2021.07.31 – 2021.09.05
Peng Zuqiang: Hesitations
Antenna Space is pleased to announce the opening of Peng Zuqiang: Hesitations at Objective on July 31st. Peng Zuqiang’s video works often focus on the indirect way of communication between people. Under his delicate and uncompromising camera records, subtle movements and objects that he plays with can become the starting point for establishing individual emotional and identity connections. In the collective life of the residency project, the recurring moments of hesitation in the scenes captured by the artist not only hint at the complexity between interpersonal interactions, but also the passivity of such communication is closely related to the certainty of the identity of the figure’s subject. When the communicators refuse to identify themselves as established subjects, are the connections established with each other credible, or can the images convey meaning beyond words by portraying sensory experiences?
01
Two summers ago I spent two months living in a forest in the company of several artists. This varied, intimate collective experience gave new depth to many interactions one wouldn’t usually think twice about.

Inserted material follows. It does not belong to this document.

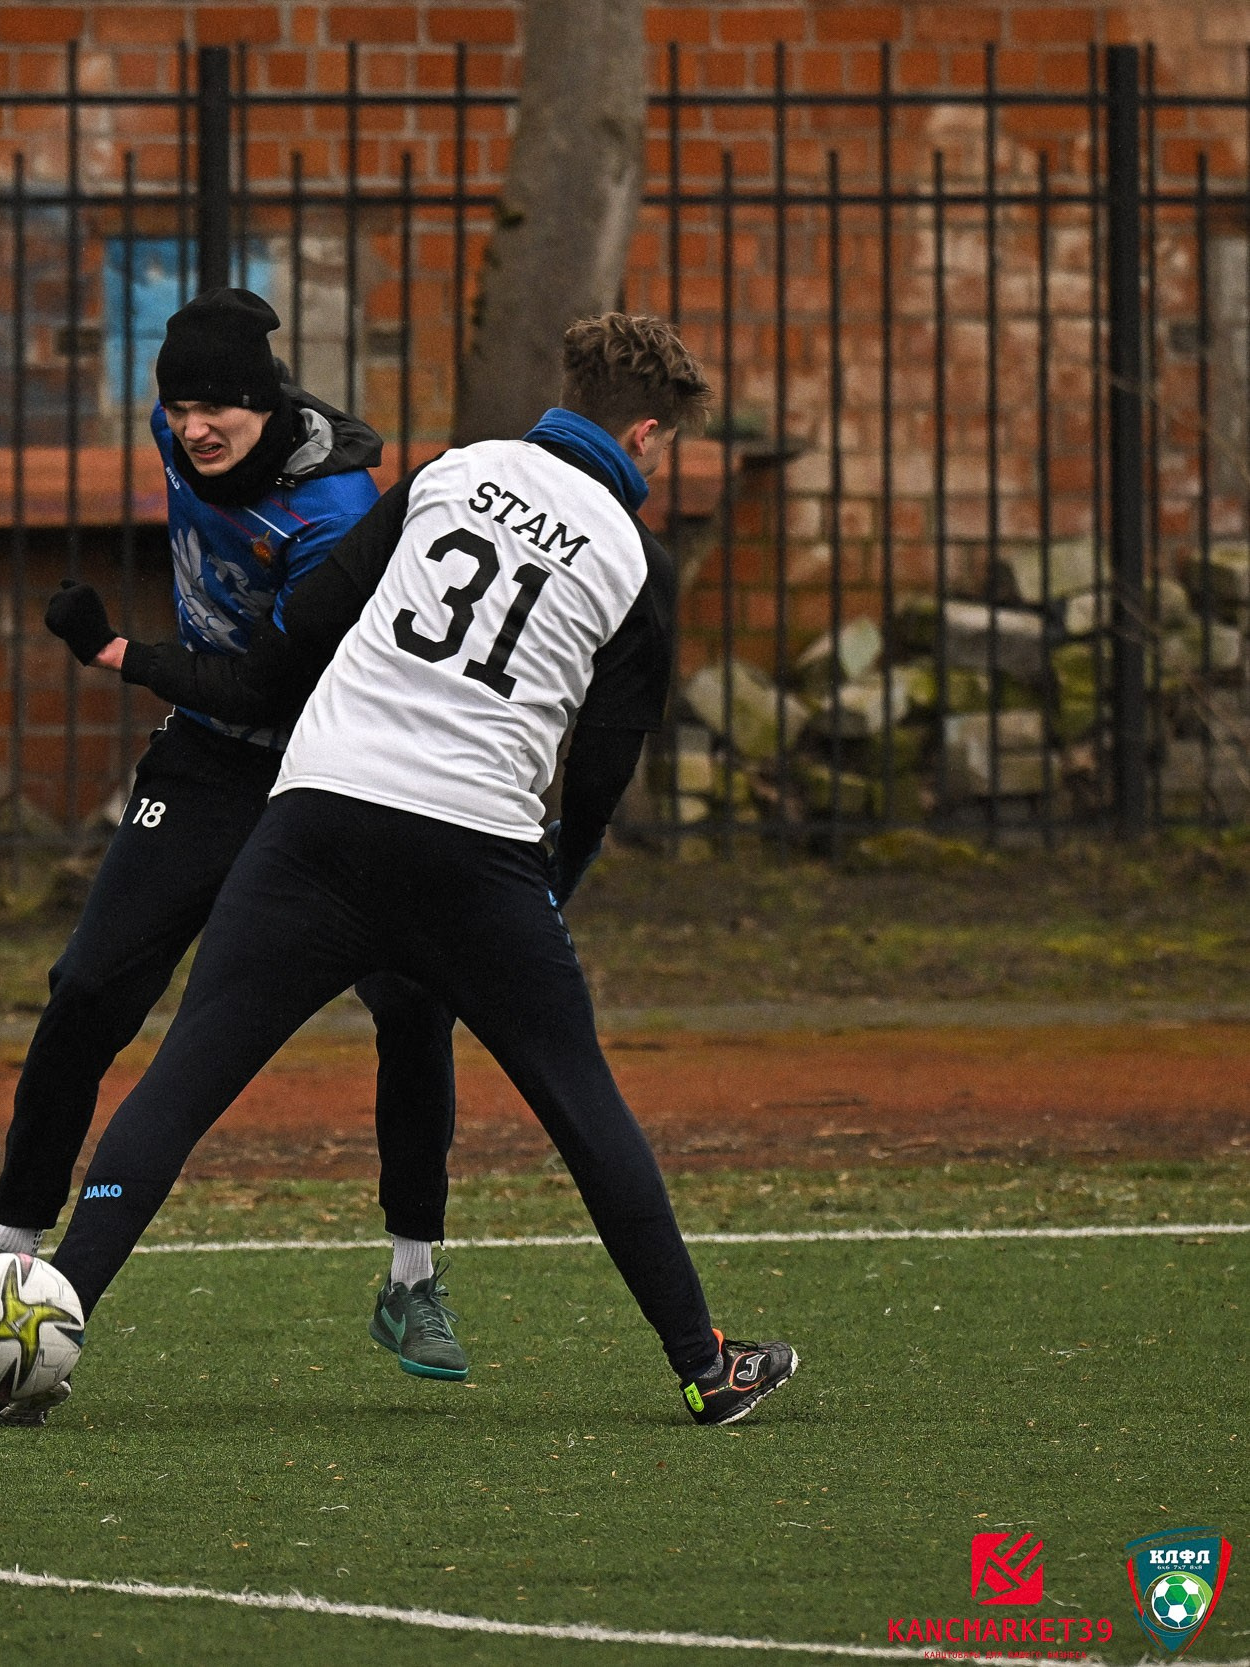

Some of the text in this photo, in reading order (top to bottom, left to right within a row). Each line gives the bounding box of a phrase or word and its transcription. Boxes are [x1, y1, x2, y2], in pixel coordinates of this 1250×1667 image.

[468, 481, 590, 567] STAM
[392, 528, 552, 700] 31
[132, 797, 166, 828] 18
[84, 1184, 123, 1200] JAKO

Although our identities were broadly similar in some ways, we were very different on other levels, which led me to wonder: What does a solidarity among us feel like? Could we build new connections without fear of touching on the differences that separated us?

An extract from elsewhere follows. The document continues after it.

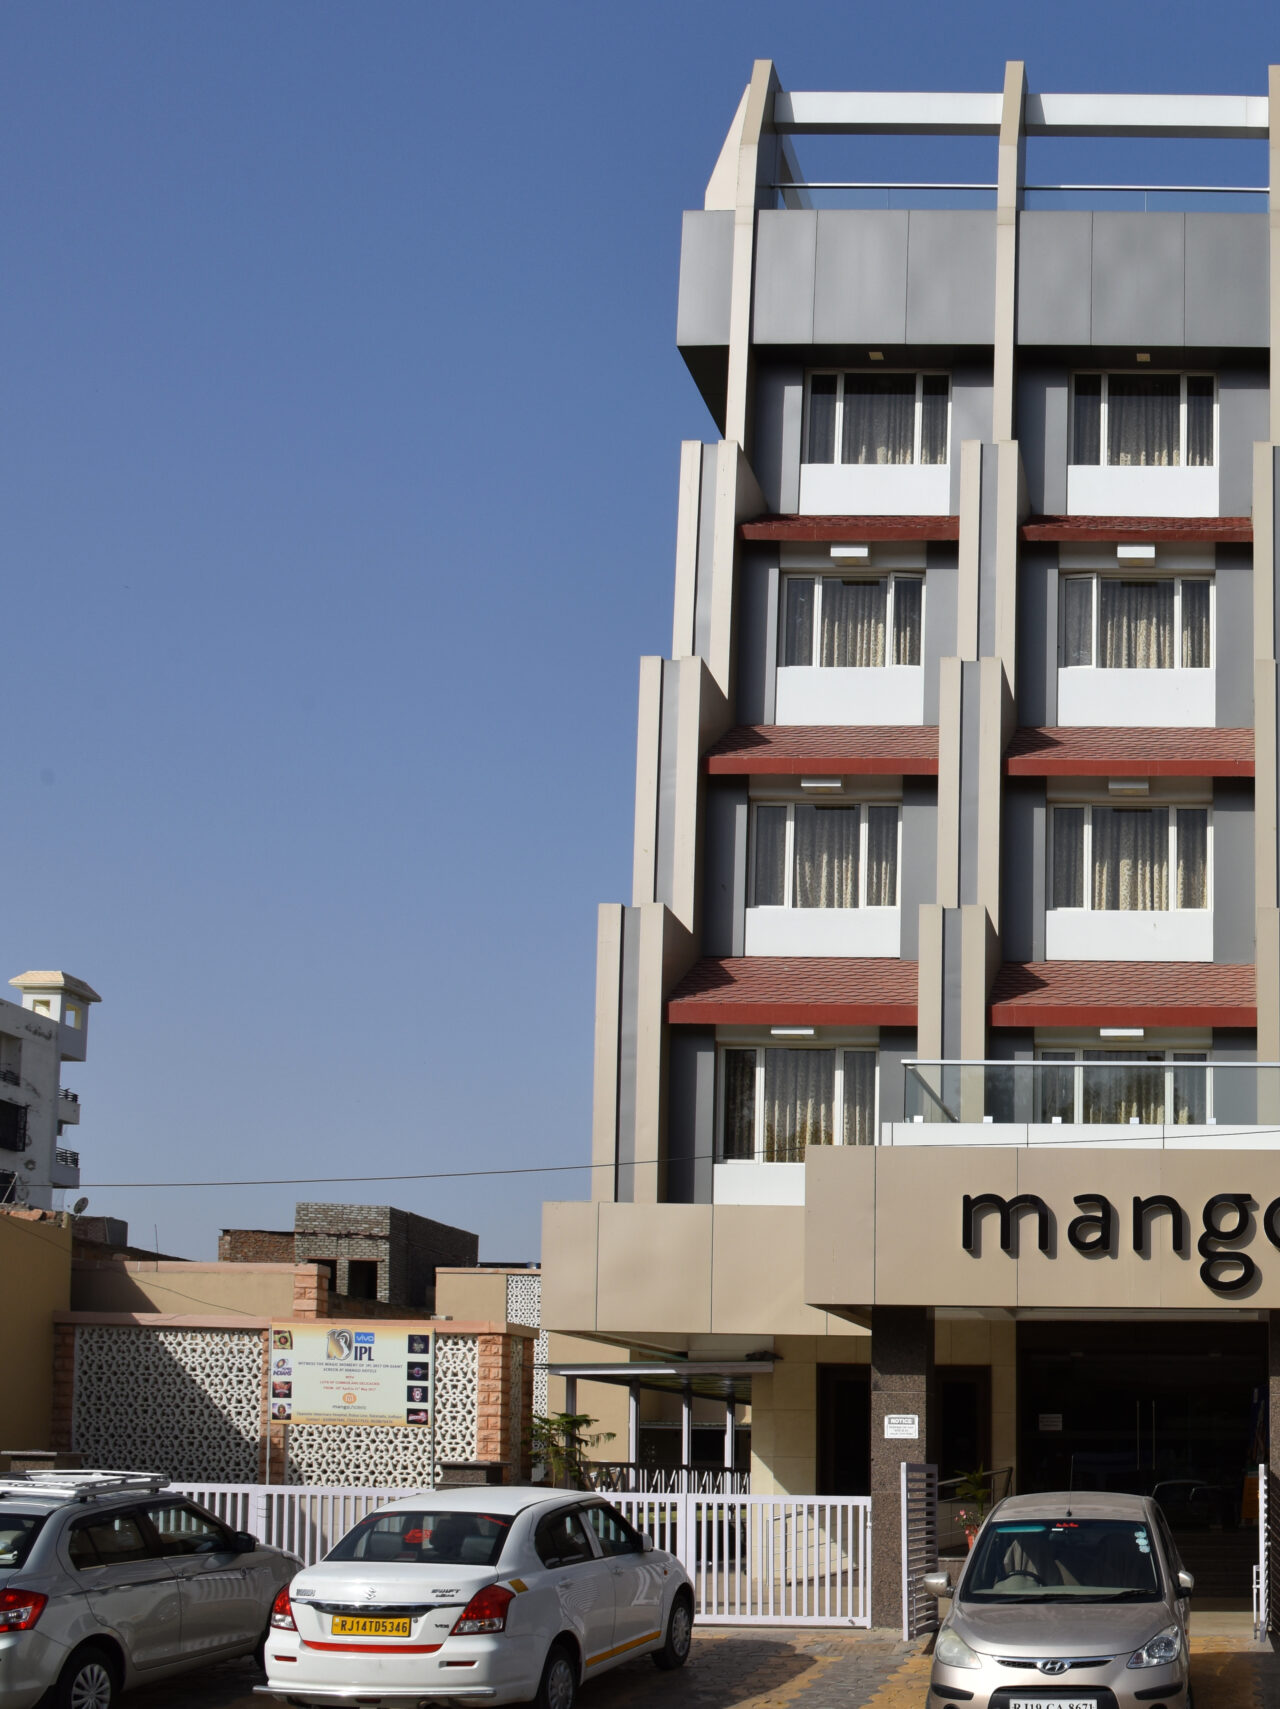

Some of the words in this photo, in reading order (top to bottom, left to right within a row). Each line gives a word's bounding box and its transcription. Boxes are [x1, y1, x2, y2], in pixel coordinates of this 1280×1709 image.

[356, 1334, 374, 1342] vivo
[354, 1346, 374, 1361] IPL
[340, 1619, 408, 1633] RJ14TD5346

Before our time together came to an end, I invited my queer and Asian friends to film a few scenes from my notebook. Each of the five scenes in this project took the length of one reel of Super 8mm film as a starting point. Each protagonist, all of them non-white bodies, was given a gesture as a prompt from which to improvise, and for each scene I tried to find a protagonist who has a personal connection to the object or gesture in it.
02
The scenes were shot intermittently, before the pandemic. The sensual experiences, the touches both intentional and unintentional included in the project, were attempts to think through the complexity of contact: Not everybody can touch another, nor will every body agree to be touched. Some bodies touch with ease and are left unscathed by it, while others—disciplined and marginalized bodies—remain on high alert at all times.
These scenes are adapted from personal experiences and random hearsay. They include some fragmented memories, uneasy gossip, moments of silence. I wonder, to what extent are silence and hesitation themselves avenues of communication? Can their temporal qualities spark an image? I don’t consider being silent or hesitant as implying lack of agency; the bodies that perform them can push back against depoliticization.
03
Yet it is difficult to apply the criteria of ‘Agency’ to all states and actions, especially when no so-called ‘Subject’ takes form. At such times we are forced to reconsider what it means to be visible, audible and legible in the absence of the grammars we are accustomed to.
When we lose our names. When we become ‘untitled’. On a path other than that of becoming a proper ‘Subject’, how can we we, newly unnamed, build connections with those who never had a name at all—or with those who prefer not to have one?
The illegible ‘we’ can still proceed as a continuing force of questioning, an unending form of critique, a narrative of keeping in touch.